Abstract:
Whole-genome sequencing for New Zealand endangered parrot species kākāpō has been
completed for the entire population. Despite the decreasing cost of DNA sequencing, this
sort of effort is generally not feasible in conservation studies or large human cohorts. A
cost-saving strategy is to obtain relatively inexpensive information for the whole sample,
such as low-resolution genotype data, then resequence a small subsample from the original
sample with higher resolution and use the combined data to infer the whole sample. Such
sampling strategies are called two-phase sampling, where the initial sampling of the cohort is
followed by a subsampling of the chosen individuals to be resequenced.
This thesis explores the two classes of approaches to handling incomplete data in twophasing sampling designs under different situations. The first class of approaches is genotype
imputation, which is a process of predicting the missing genotypes using low-resolution
genotypes of the whole sample and high-resolution genotypes of the subsample. However,
genotype imputation is much more complicated for endangered species than for well-studied
species such as humans, livestock and other model organisms.

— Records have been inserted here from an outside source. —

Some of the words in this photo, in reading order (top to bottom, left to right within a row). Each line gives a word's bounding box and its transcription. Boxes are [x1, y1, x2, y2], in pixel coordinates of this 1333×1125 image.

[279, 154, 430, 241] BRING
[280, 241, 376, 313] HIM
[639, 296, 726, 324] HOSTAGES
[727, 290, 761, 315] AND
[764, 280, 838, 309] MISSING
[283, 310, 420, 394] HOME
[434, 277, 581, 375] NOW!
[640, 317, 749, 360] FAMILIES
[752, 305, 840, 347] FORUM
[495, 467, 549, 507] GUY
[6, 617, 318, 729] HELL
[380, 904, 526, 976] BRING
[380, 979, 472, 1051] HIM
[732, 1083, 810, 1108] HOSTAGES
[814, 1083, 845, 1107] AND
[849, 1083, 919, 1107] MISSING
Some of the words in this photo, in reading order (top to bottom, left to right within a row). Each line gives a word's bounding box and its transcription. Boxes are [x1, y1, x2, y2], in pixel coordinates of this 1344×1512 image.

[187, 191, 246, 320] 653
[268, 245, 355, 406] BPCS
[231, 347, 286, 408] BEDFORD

Alternatively, statistical inference of model parameters under two-phase sampling designs can be carried out by maximum likelihood approaches that account for the missing
mechanisms of the data, which is another class of approaches that I explore. In genetic
association studies, the polygenic model is often used to describe the architecture of complex
traits as it allows the possibility that thousands of variants could contribute to the phenotypic
variation in the population. Under such a proposition, mixed models can be used to measure
the genetic effect of a particular variant while attributing the remaining variation to the
population correlation structure.
In this thesis, I propose a weighted maximum likelihood approach for fitting mixed
models that takes advantage of the fact that the kākāpō population relatedness structure
is known, making it possible to incorporate the population covariance matrix rather than
the sample covariance matrix into the model. The performance of the proposed method is
evaluated using the kākāpō data and simulated data with a population structure similar to
humans. Hence the method should provide a general solution for fitting mixed models under
two-phase sampling designs in both endangered species and human populations.